Adversarial training methods are currently among the most widely used techniques to enhance model robustness [8]. Common adversarial training approaches, such as the Projected Gradient Descent (PGD) adversarial training proposed by Madry et al. [9] and the TRadeoff-inspired Adversarial DEfense via Surrogate-loss minimization (TRADES) proposed by Zhang et al. [10], employ multi-step iterative processes to generate adversarial examples, which are then used to train the model. While these methods significantly enhance model robustness, they also have notable limitations. In particular, adversarial training for deep neural networks requires multiple forward and backward propagations, leading to substantial additional computational costs.
To address the high computational cost of adversarial training, Wong et al. [11] proposed a fast adversarial training method.
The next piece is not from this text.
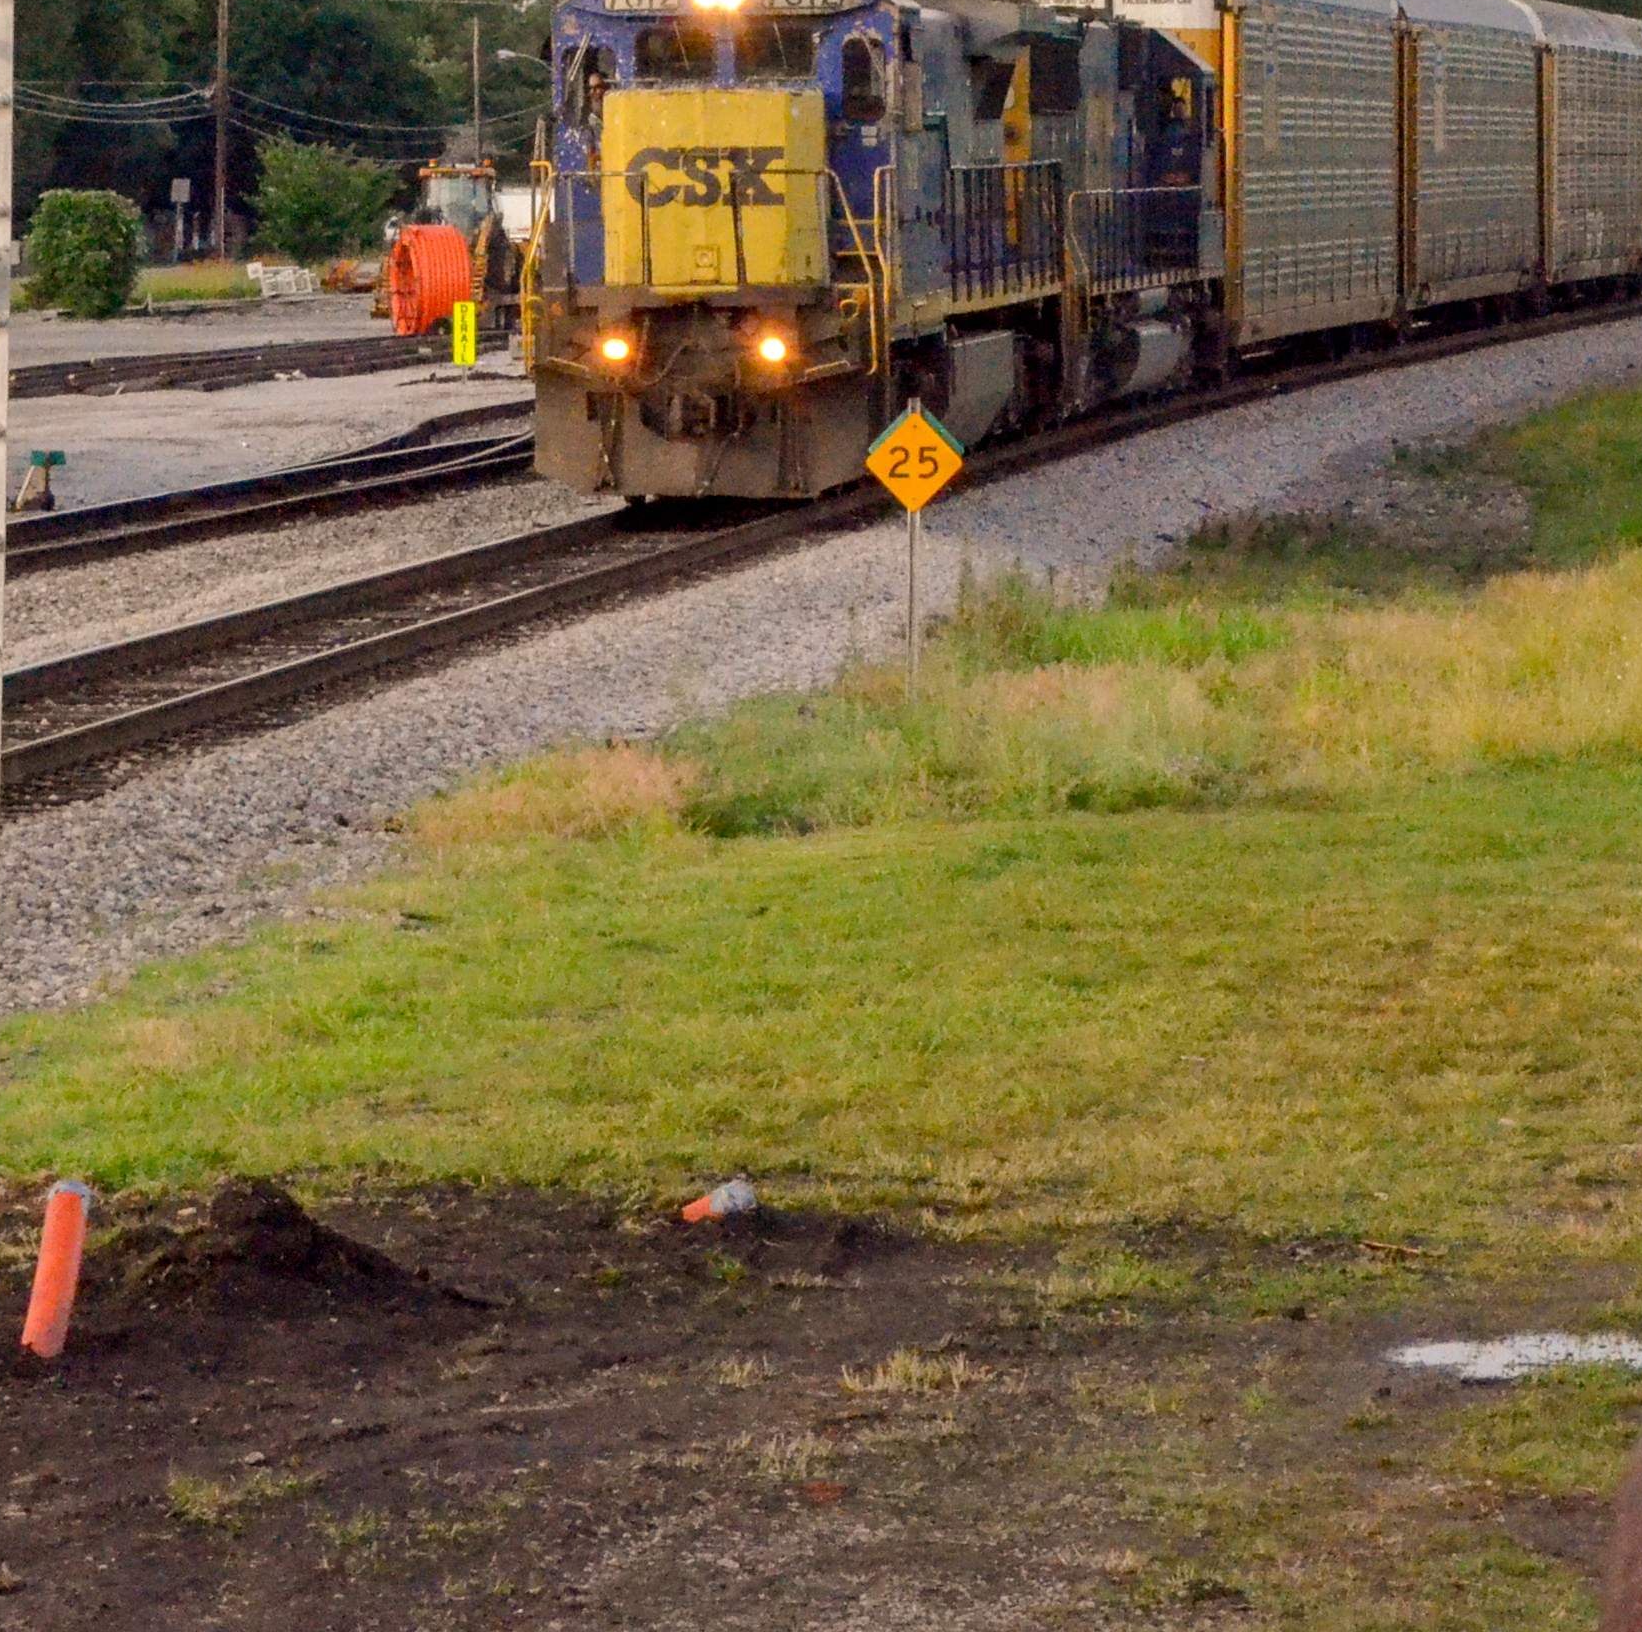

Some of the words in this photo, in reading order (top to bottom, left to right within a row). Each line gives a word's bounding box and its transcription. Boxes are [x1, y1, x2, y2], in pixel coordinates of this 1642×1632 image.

[625, 147, 785, 207] CSX
[460, 304, 469, 363] DERAIL
[888, 446, 939, 479] 25
The main idea is to use the single-step adversarial attack method, Fast Gradient Sign Method (FGSM) [12], instead of the commonly used multi-step attack methods, to generate adversarial examples during training. However, directly using FGSM-generated adversarial examples for training can lead to a phenomenon known as “catastrophic overfitting”. Catastrophic overfitting refers to the situation where, during adversarial training with single-step attack methods, the model’s performance suddenly becomes very good against single-step adversarial attacks but significantly deteriorates against multi-step attacks [13]. As shown in Fig 1, during traditional FGSM adversarial training, the model’s accuracy against multi-step adversarial attacks vanishes as catastrophic overfitting occurs. This issue primarily arises because the model overfits to specific adversarial examples, resulting in high robustness against these particular examples, but nearly completely losing robustness when encountering new adversarial examples.
Fig 1. Adversarial training process where catastrophic overfitting occurs.
To prevent catastrophic overfitting, researchers have proposed various improved fast adversarial training methods. Among them, Wong et al. introduced the FGSM with Random Start (FGSM-RS) method [11], which adds random noise to clean samples before generating adversarial examples with FGSM. Huang et al. introduced Adversarial Training with Adaptive Step Size (ATAS) [14], which adapts the perturbation step size based on the gradient norm during training. Jia et al. proposed N-FGSM [15], which adds stronger noise without limiting the total perturbation magnitude to avoid catastrophic overfitting. However, when these methods add random noise and generate adversarial examples using single-step attacks, approaches like FGSM-RS [11] and ATAS [14] often suffer from cancellation between the random noise and adversarial perturbation, resulting in adversarial examples that are not strong enough and leading to insufficient model robustness. On the other hand, N-FGSM [15], due to the excessively large total perturbation, causes difficulty in model convergence and lower accuracy.
In this paper, we propose a fast adversarial training method based on adaptive similarity step size. After adding random noise to the original image samples for data augmentation, the samples are input into the model to compute their gradient information. The perturbation step size of the adversarial examples is then adaptively adjusted based on the similarity between the noise and the gradient direction. We design a similarity algorithm that combines Euclidean distance similarity and cosine similarity to evaluate the similarity between the noise and the gradient direction, thereby generating adversarial examples that are more conducive to effective adversarial training. The experimental results demonstrate that our method successfully avoids catastrophic overfitting while achieving high robustness accuracy and clean accuracy.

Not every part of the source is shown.